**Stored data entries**
-------------------------

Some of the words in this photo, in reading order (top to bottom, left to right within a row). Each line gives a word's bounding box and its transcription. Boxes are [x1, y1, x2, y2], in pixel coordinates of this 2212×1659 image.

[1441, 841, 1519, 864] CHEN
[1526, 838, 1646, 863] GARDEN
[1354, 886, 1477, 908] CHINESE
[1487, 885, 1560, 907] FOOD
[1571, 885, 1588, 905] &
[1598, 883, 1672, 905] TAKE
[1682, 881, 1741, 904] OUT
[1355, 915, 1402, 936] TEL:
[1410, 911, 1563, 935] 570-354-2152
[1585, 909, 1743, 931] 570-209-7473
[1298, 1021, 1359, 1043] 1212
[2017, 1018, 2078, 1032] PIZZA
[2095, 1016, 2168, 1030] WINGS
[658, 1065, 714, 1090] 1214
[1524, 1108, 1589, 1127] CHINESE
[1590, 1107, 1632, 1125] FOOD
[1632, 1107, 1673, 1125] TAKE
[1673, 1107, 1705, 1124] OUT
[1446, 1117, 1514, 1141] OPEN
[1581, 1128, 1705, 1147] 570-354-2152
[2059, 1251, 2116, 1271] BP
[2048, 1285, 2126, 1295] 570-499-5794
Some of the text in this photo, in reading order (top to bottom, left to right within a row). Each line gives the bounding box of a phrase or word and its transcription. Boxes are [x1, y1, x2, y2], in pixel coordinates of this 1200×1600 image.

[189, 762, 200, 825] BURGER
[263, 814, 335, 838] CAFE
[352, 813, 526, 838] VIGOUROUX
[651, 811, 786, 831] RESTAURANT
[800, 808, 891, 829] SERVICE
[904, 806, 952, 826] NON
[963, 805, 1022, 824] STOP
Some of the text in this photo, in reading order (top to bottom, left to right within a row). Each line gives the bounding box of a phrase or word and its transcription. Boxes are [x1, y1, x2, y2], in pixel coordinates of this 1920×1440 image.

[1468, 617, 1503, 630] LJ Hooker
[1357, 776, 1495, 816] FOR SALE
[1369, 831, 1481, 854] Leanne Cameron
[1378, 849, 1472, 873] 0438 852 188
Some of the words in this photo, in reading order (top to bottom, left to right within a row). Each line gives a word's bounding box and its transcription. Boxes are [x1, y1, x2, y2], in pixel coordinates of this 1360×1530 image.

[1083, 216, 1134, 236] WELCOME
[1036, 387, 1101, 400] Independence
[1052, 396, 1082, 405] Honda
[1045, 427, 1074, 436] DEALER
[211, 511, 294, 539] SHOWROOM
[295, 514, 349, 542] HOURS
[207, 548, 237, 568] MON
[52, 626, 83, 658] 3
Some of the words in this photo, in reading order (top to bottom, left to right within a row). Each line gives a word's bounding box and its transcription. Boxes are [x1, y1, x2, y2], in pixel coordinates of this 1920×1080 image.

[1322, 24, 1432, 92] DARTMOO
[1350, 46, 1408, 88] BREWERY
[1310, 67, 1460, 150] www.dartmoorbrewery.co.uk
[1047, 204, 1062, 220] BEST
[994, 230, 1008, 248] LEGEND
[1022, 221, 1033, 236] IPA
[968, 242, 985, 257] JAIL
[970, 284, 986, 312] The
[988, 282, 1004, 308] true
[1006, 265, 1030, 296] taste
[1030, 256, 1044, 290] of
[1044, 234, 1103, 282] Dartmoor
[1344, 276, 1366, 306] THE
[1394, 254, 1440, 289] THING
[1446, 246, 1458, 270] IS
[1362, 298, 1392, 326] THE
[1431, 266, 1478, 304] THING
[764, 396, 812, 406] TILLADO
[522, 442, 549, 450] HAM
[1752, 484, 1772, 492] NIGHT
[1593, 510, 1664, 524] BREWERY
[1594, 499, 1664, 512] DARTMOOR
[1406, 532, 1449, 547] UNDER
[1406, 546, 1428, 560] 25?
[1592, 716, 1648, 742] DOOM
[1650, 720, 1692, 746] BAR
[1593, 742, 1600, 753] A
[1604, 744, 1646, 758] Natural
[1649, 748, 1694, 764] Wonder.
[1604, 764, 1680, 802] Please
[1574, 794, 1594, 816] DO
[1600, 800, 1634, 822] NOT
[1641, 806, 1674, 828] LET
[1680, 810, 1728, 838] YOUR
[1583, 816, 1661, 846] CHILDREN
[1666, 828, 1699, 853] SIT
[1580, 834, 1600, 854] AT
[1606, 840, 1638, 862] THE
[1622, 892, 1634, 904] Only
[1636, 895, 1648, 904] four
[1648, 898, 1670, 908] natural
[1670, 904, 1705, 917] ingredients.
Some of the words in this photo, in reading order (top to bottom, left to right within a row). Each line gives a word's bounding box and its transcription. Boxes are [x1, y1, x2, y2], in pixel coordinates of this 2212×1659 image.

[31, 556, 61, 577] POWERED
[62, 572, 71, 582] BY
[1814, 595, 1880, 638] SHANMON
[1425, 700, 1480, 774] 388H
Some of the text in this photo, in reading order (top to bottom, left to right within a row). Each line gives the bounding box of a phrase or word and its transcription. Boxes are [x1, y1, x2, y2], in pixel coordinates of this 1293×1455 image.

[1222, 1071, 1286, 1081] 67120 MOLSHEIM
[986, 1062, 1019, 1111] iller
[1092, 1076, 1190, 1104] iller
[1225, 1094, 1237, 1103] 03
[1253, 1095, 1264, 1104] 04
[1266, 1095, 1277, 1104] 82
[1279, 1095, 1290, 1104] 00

-------------------------

**Exercise brief**
Each line of the data should be reproduced exactly as it appears.

**Written reply**
Some of the words in this photo, in reading order (top to bottom, left to right within a row). Each line gives a word's bounding box and its transcription. Boxes are [x1, y1, x2, y2], in pixel coordinates of this 2212×1659 image.

[1441, 841, 1519, 864] CHEN
[1526, 838, 1646, 863] GARDEN
[1354, 886, 1477, 908] CHINESE
[1487, 885, 1560, 907] FOOD
[1571, 885, 1588, 905] &
[1598, 883, 1672, 905] TAKE
[1682, 881, 1741, 904] OUT
[1355, 915, 1402, 936] TEL:
[1410, 911, 1563, 935] 570-354-2152
[1585, 909, 1743, 931] 570-209-7473
[1298, 1021, 1359, 1043] 1212
[2017, 1018, 2078, 1032] PIZZA
[2095, 1016, 2168, 1030] WINGS
[658, 1065, 714, 1090] 1214
[1524, 1108, 1589, 1127] CHINESE
[1590, 1107, 1632, 1125] FOOD
[1632, 1107, 1673, 1125] TAKE
[1673, 1107, 1705, 1124] OUT
[1446, 1117, 1514, 1141] OPEN
[1581, 1128, 1705, 1147] 570-354-2152
[2059, 1251, 2116, 1271] BP
[2048, 1285, 2126, 1295] 570-499-5794
Some of the text in this photo, in reading order (top to bottom, left to right within a row). Each line gives the bounding box of a phrase or word and its transcription. Boxes are [x1, y1, x2, y2], in pixel coordinates of this 1200×1600 image.

[189, 762, 200, 825] BURGER
[263, 814, 335, 838] CAFE
[352, 813, 526, 838] VIGOUROUX
[651, 811, 786, 831] RESTAURANT
[800, 808, 891, 829] SERVICE
[904, 806, 952, 826] NON
[963, 805, 1022, 824] STOP
Some of the text in this photo, in reading order (top to bottom, left to right within a row). Each line gives the bounding box of a phrase or word and its transcription. Boxes are [x1, y1, x2, y2], in pixel coordinates of this 1920×1440 image.

[1468, 617, 1503, 630] LJ Hooker
[1357, 776, 1495, 816] FOR SALE
[1369, 831, 1481, 854] Leanne Cameron
[1378, 849, 1472, 873] 0438 852 188
Some of the words in this photo, in reading order (top to bottom, left to right within a row). Each line gives a word's bounding box and its transcription. Boxes are [x1, y1, x2, y2], in pixel coordinates of this 1360×1530 image.

[1083, 216, 1134, 236] WELCOME
[1036, 387, 1101, 400] Independence
[1052, 396, 1082, 405] Honda
[1045, 427, 1074, 436] DEALER
[211, 511, 294, 539] SHOWROOM
[295, 514, 349, 542] HOURS
[207, 548, 237, 568] MON
[52, 626, 83, 658] 3
Some of the words in this photo, in reading order (top to bottom, left to right within a row). Each line gives a word's bounding box and its transcription. Boxes are [x1, y1, x2, y2], in pixel coordinates of this 1920×1080 image.

[1322, 24, 1432, 92] DARTMOO
[1350, 46, 1408, 88] BREWERY
[1310, 67, 1460, 150] www.dartmoorbrewery.co.uk
[1047, 204, 1062, 220] BEST
[994, 230, 1008, 248] LEGEND
[1022, 221, 1033, 236] IPA
[968, 242, 985, 257] JAIL
[970, 284, 986, 312] The
[988, 282, 1004, 308] true
[1006, 265, 1030, 296] taste
[1030, 256, 1044, 290] of
[1044, 234, 1103, 282] Dartmoor
[1344, 276, 1366, 306] THE
[1394, 254, 1440, 289] THING
[1446, 246, 1458, 270] IS
[1362, 298, 1392, 326] THE
[1431, 266, 1478, 304] THING
[764, 396, 812, 406] TILLADO
[522, 442, 549, 450] HAM
[1752, 484, 1772, 492] NIGHT
[1593, 510, 1664, 524] BREWERY
[1594, 499, 1664, 512] DARTMOOR
[1406, 532, 1449, 547] UNDER
[1406, 546, 1428, 560] 25?
[1592, 716, 1648, 742] DOOM
[1650, 720, 1692, 746] BAR
[1593, 742, 1600, 753] A
[1604, 744, 1646, 758] Natural
[1649, 748, 1694, 764] Wonder.
[1604, 764, 1680, 802] Please
[1574, 794, 1594, 816] DO
[1600, 800, 1634, 822] NOT
[1641, 806, 1674, 828] LET
[1680, 810, 1728, 838] YOUR
[1583, 816, 1661, 846] CHILDREN
[1666, 828, 1699, 853] SIT
[1580, 834, 1600, 854] AT
[1606, 840, 1638, 862] THE
[1622, 892, 1634, 904] Only
[1636, 895, 1648, 904] four
[1648, 898, 1670, 908] natural
[1670, 904, 1705, 917] ingredients.
Some of the words in this photo, in reading order (top to bottom, left to right within a row). Each line gives a word's bounding box and its transcription. Boxes are [x1, y1, x2, y2], in pixel coordinates of this 2212×1659 image.

[31, 556, 61, 577] POWERED
[62, 572, 71, 582] BY
[1814, 595, 1880, 638] SHANMON
[1425, 700, 1480, 774] 388H
Some of the text in this photo, in reading order (top to bottom, left to right within a row). Each line gives the bounding box of a phrase or word and its transcription. Boxes are [x1, y1, x2, y2], in pixel coordinates of this 1293×1455 image.

[1222, 1071, 1286, 1081] 67120 MOLSHEIM
[986, 1062, 1019, 1111] iller
[1092, 1076, 1190, 1104] iller
[1225, 1094, 1237, 1103] 03
[1253, 1095, 1264, 1104] 04
[1266, 1095, 1277, 1104] 82
[1279, 1095, 1290, 1104] 00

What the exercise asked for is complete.